Welcome to LTPH This or That?, the blog series where we talk about public health marketing and communication messages and assets, when we think they work best and why.
In this edition of This or That?, we’re looking at animated GIFs, specifically those from the #FluTip series posted by @CDCFlu on Twitter. But, before we get into the nitty-gritty, let's check the performance of GIFs on Twitter and best practices for using them.
Why use animated GIFs? They can be far more engaging than static images. CoSchedule reports that tweets with GIFs get 167% more click-throughs than tweets with static images, and according to Insight Pool, sharing a post with a GIF increased the engagement rate 20% for B2C brands. Social Media Today says tweets with GIFs generate 6X more engagement than tweets with basic text updates, and are 3X as likely to be retweeted than tweets with images. GIFs can backfire, though. The folks at Hootsuite advise against posting GIFs that are out of context, too casual, or overly branded. They also recommend using GIFs to advertise sales and events, feature products, visualize data, and share instructional content. You can check out Hootsuite's Ultimate GIF Guide for Social Media Marketers for more insights and tips.

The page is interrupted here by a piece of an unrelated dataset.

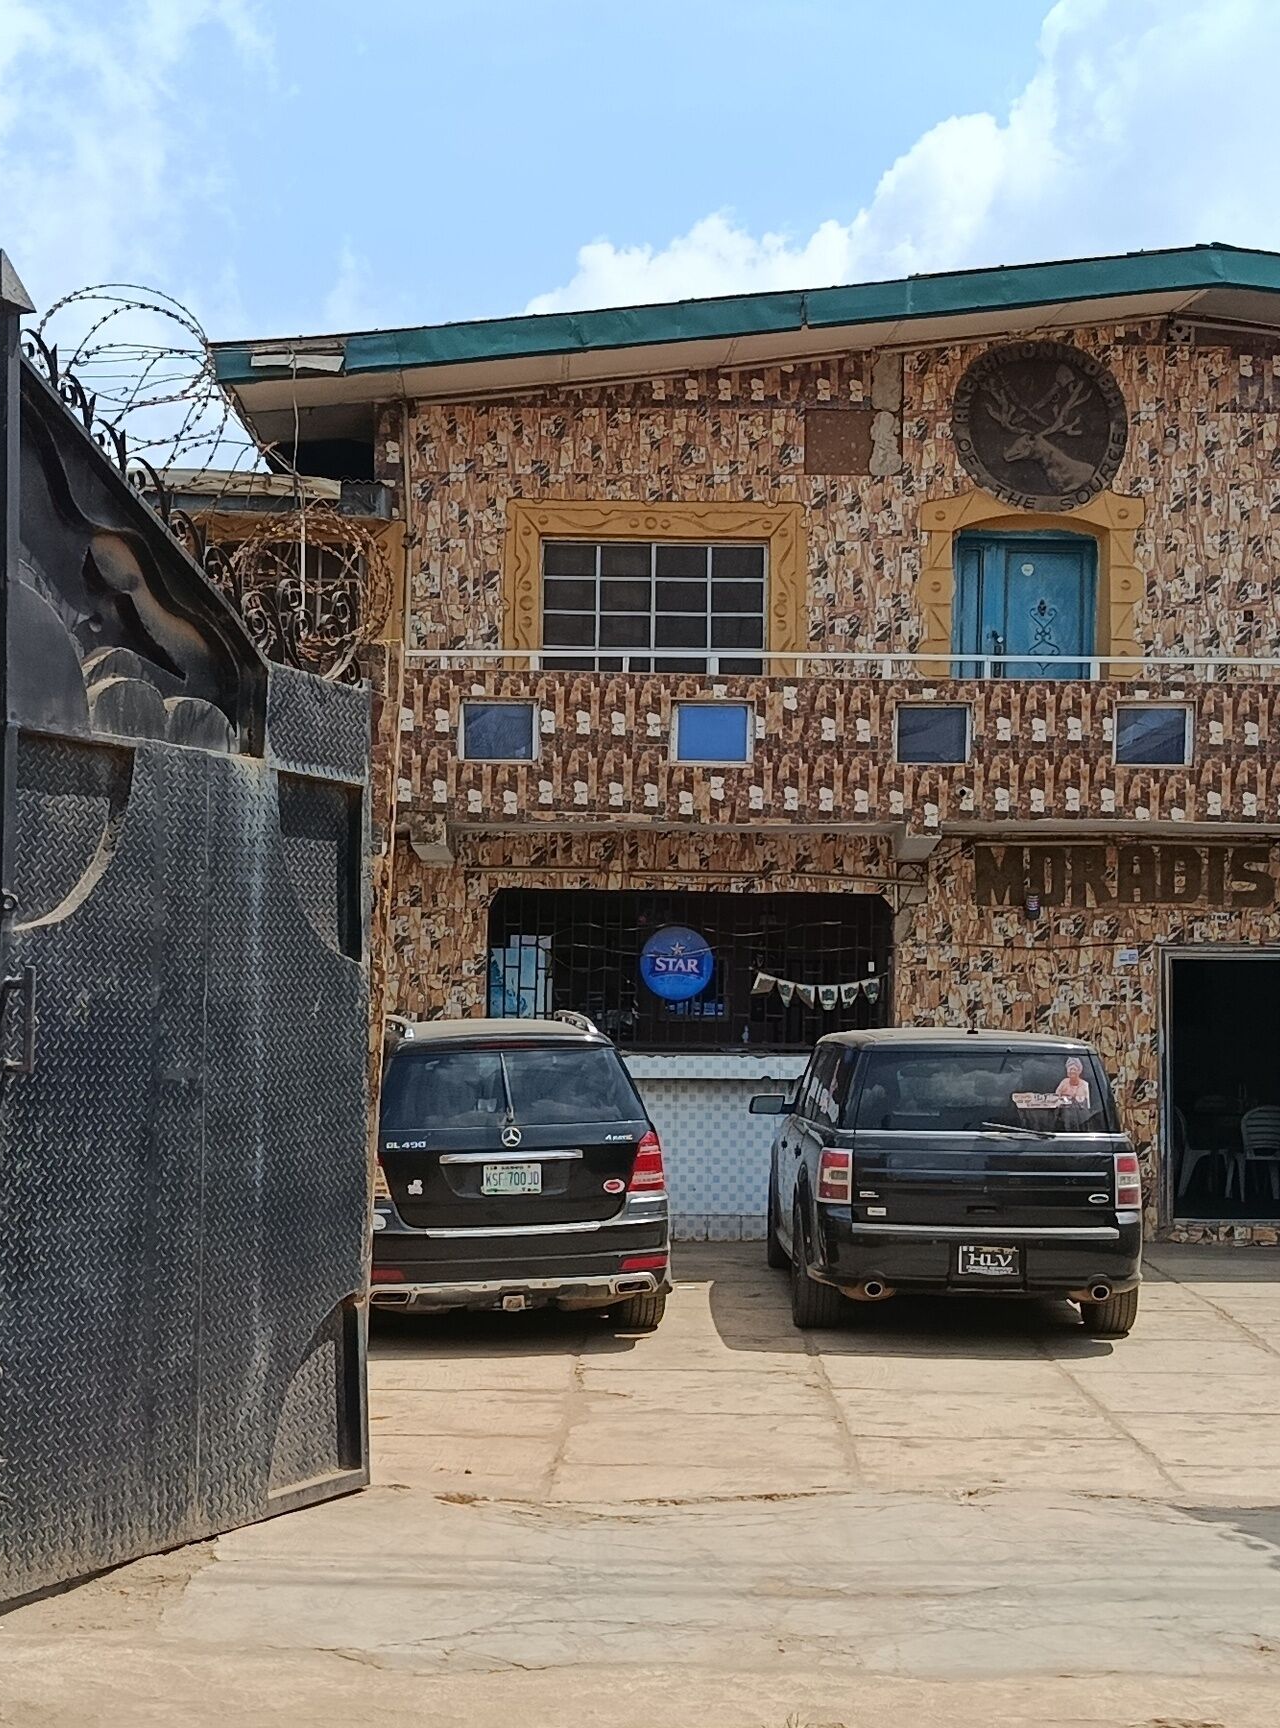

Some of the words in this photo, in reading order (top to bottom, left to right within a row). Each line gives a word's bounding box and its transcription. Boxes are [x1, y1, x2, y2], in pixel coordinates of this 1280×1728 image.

This GIF earned @CDCFlu 180 retweets, 132 likes, and 2 comments.
Stay Home GIF
This GIF earned @CDCFlu 612 retweets, 470 likes, and 20 comments.
Antiviral Treatment GIF
This GIF earned @CDCFlu 73 retweets, 65 likes, and 3 comments.
Let's talk This Or That? The antiviral treatment GIF had the lowest total engagement. It must be noted that we are comparing apples and oranges, in the sense that we don't know how many people viewed each post (reach) or how many times each post was viewed (impressions). Without those denominators, we can't definitively say which post performed best. The stark difference in the total engagement between the posts that modeled a behavior and the one post that did not, however, does raise some questions. Is the animation in behavior change and social marketing GIFs better when used for demonstrating a behavior? Is animation distracting when it involves only text elements and does not model a behavior/action?